Painstakingly, in between trips to the building site, conversations with Natalya in her halting English and meetings with the kids ploughing through her site, Dina Kane sunk herself into the world of beauty.
She tried to remember that wonder she’d first had with Hector at the Green Apothecary, when she was just a customer and everything he had was fusty and dust-covered and imported – but it worked.
As Dina toured stores, pored over make-up websites and underground beauty blogs, and scoured the magazines, she tried to forget everything she knew. In jeans and a T-shirt, she was just another girl with a pretty face. She went for free makeovers – everywhere except Torch; sat on little stools in Nordstrom and Bloomingdales, trying samples; took some days to spa at Bliss and Elizabeth Arden; wandered around Sephora and the boutiques in the West Village; she even studied the drugstore shelves.

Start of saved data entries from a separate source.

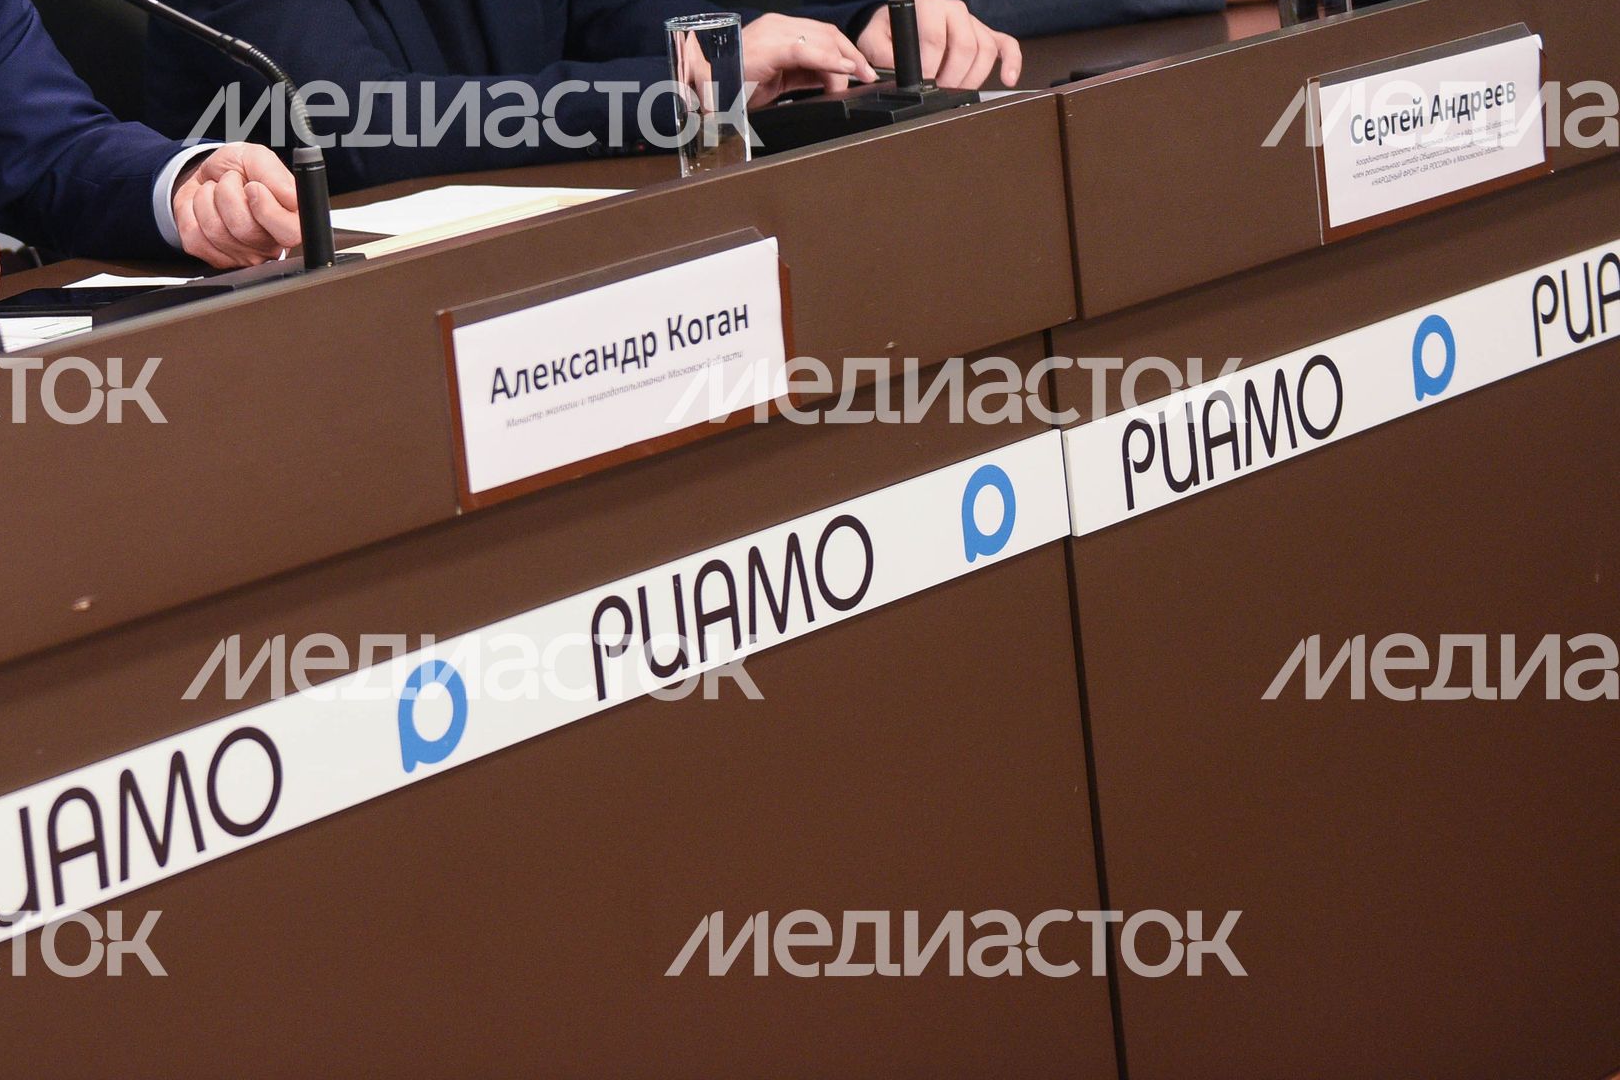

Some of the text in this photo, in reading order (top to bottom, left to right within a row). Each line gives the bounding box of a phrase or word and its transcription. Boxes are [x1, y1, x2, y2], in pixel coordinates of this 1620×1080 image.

[1350, 96, 1424, 147] Сергей
[1429, 81, 1517, 125] Андреев
[490, 304, 750, 404] Александр Коган
[1121, 354, 1344, 511] РИАМО
[590, 514, 874, 701] РИАМО

What did women want? So much choice; so little time. It was all in the thrill of discovering a new wonder product, the thing you had to have – BB cream; Meadow; Great Lash mascara; Eight Hour cream; Chanel No. 5 – the blockbusters and their funky new cousins: Bobbi Brown’s shimmer bricks; Urban Decay’s nails . . .

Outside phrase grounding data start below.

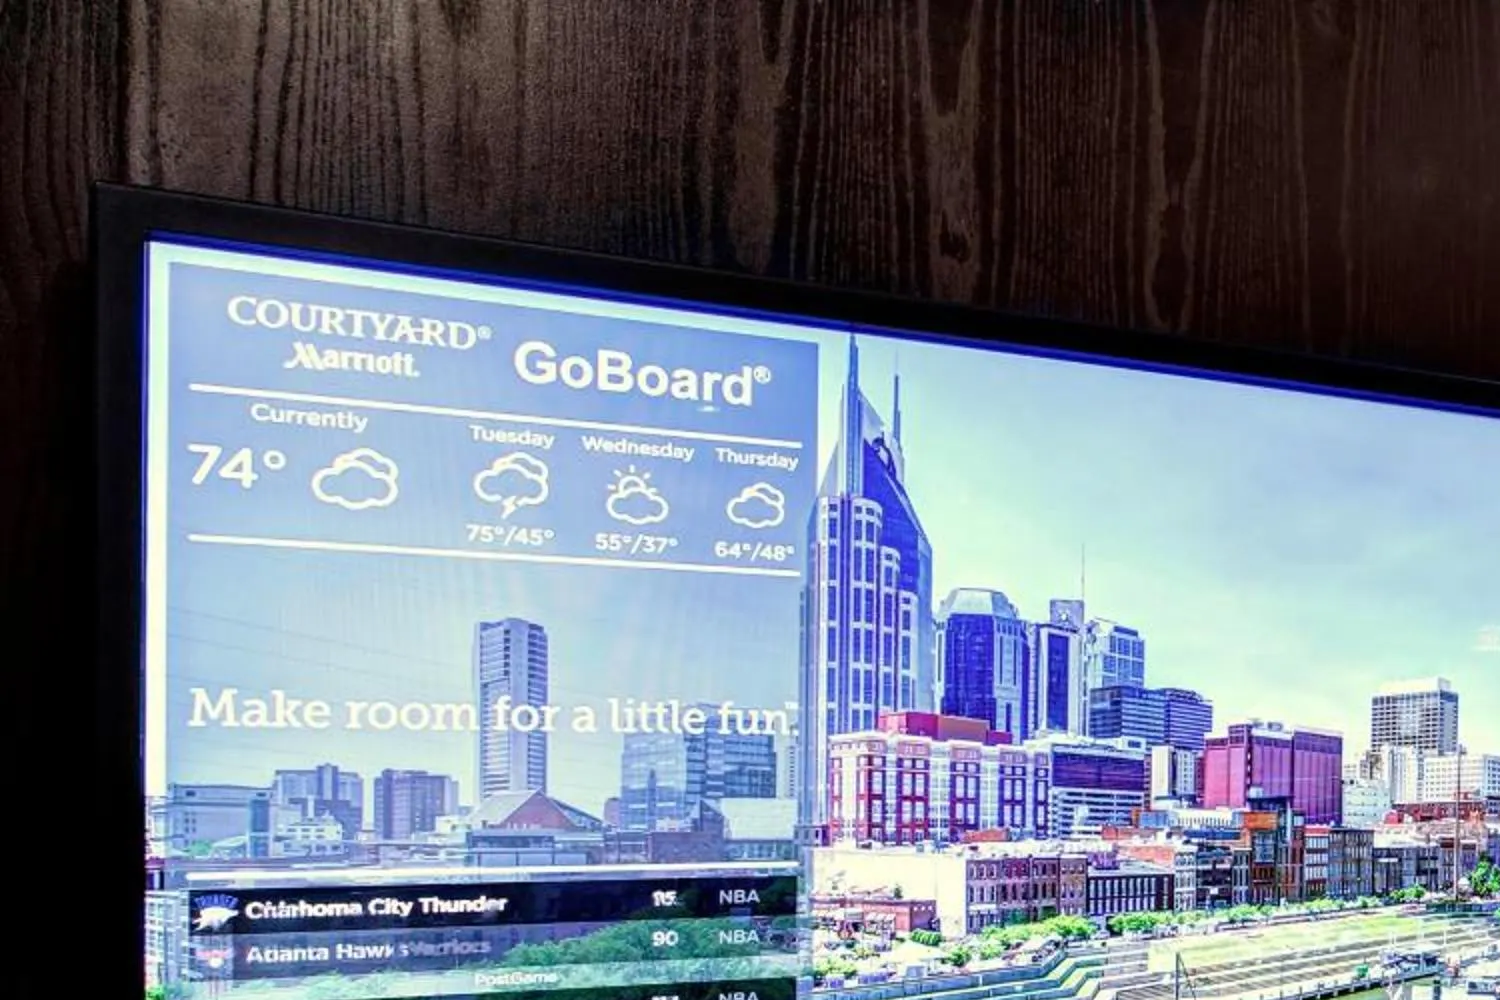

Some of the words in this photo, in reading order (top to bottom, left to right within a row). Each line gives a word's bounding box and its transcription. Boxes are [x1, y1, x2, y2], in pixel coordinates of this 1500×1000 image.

[249, 401, 368, 433] Currently
[469, 424, 555, 450] Tuesday
[580, 434, 695, 463] Wednesday
[714, 447, 799, 472] Thursday
[187, 686, 332, 731] Make
[345, 699, 480, 732] room
[491, 695, 560, 733] for
[571, 705, 598, 734] a
[609, 696, 706, 735] little
[367, 898, 413, 917] City
[417, 896, 508, 913] Thunder
[718, 888, 761, 904] NBA
[652, 930, 679, 947] 90
[718, 929, 760, 944] NBA

Dina studied the executives swooping on the premier lines, the younger women lingering, like kids in a candy store, trying several items, shopping as leisure. She listened to the chatter from the shopgirls making her up, followed the gossip on the websites. Everybody was looking for that new big thing. Minimalists, who wanted a small bag of reliable cosmetics; maximalists, fashionistas who loved to experiment; girls in the middle, who were just impulse buyers, influenced by the full-page ads in the women’s magazines that week – there were so many types of girl, and Dina wanted to cater to them all, to own them all. Dina Kane was going to be different; taking herself back to that lover of beauty, that young girl . . . this was key.
The guys at the building site asked if she’d stopped working when she turned up with her shopping bags tied with pink ribbons, her face fresh from a makeover.
‘I never stop working,’ Dina said, and headed back out to the stores.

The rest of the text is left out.